Apatite geochemistry as a proxy for porphyry-skarn Cu genesis: a case study from the Sanjiang region of SW China

Abstract

In view of the importance of the magmatic oxidation state and volatile composition (H2O-S-Cl) in porphyry Cu mineralization, identification of magmatic information has become the basis for the evaluation of the Cu-mineralization potential of porphyries. Apatite, as a common accessory mineral in porphyry, is recognized as an effective petrogenetic and metallogenic indicator.
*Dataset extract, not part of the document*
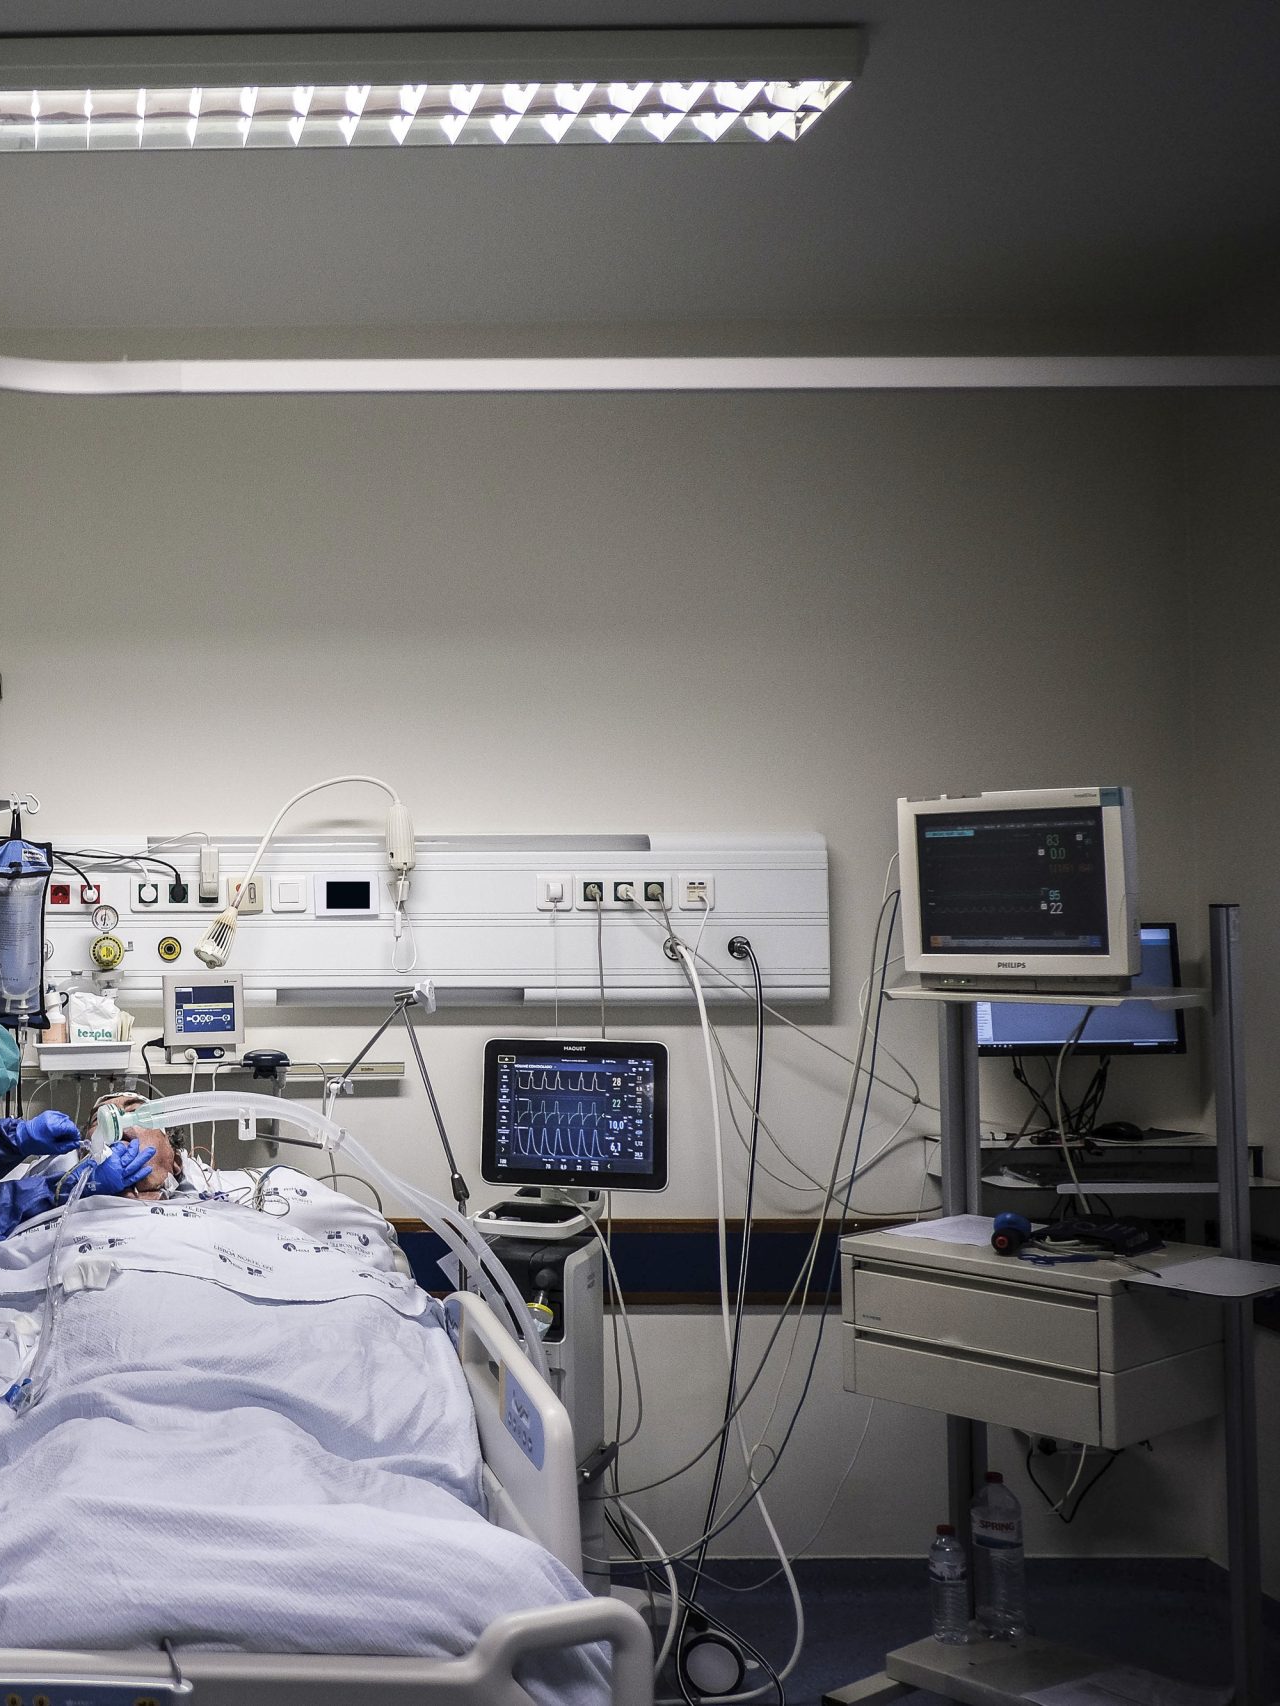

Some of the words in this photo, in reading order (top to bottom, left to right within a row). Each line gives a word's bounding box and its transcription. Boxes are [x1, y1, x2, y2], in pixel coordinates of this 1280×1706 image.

In this study, we analyze the in situ major and trace elements and Nd isotope content of apatite from four granitic plutons in the Yidun Terrane, SW China, in order to provide new insights into the identification of the magmatic features of Cu-mineralized plutons. The plutons investigated in this study are a Cu-mineralized pluton (Hongshan) and three non-mineralized plutons (Cilincuo, Rongyicuo, and Hagela). Chemical composition and textural analysis indicate that the apatites are all of magmatic origin and have not been altered. Our results show that apatite δCe values rather than δEu and Ga values are more valid indicators of the magma oxidation state of the four plutons. Based on apatite δCe values and zircon compositions, the parental magma of the Hongshan pluton is identified as having been more oxidized than those of the other three plutons. Moreover, the higher Cl content (0.06–0.23 wt%) in the Hongshan apatite compared to that in apatite from the other three plutons (0.01–0.09 wt%), indicates that the parental magma of the former pluton was more enriched in Cl. Apatite from the Hongshan pluton contains more SO3 (average 0.05 wt%) than that from the other three plutons (SO3 content mostly lower than the detection limit of electron probe micro-analysis), which may be related to higher magmatic oxygen fugacity of the Hongshan pluton. In addition, the Nd isotopic composition of apatite [εNd(t): −13.6−5.9] demonstrates that the Cu-mineralized and non-mineralized plutons were derived from the melting of ancient lower crust. Furthermore, based on the geochemical signature of adakite revealed by apatite Sr/Y and δEu values, the Hongshan pluton can be considered to have been produced as the result of partial melting of the thickened lower crust. Finally, an index system consisting of apatite δCe, Sr/Y, and F/Cl values is established to distinguish between the Cu-mineralized and non-mineralized plutons.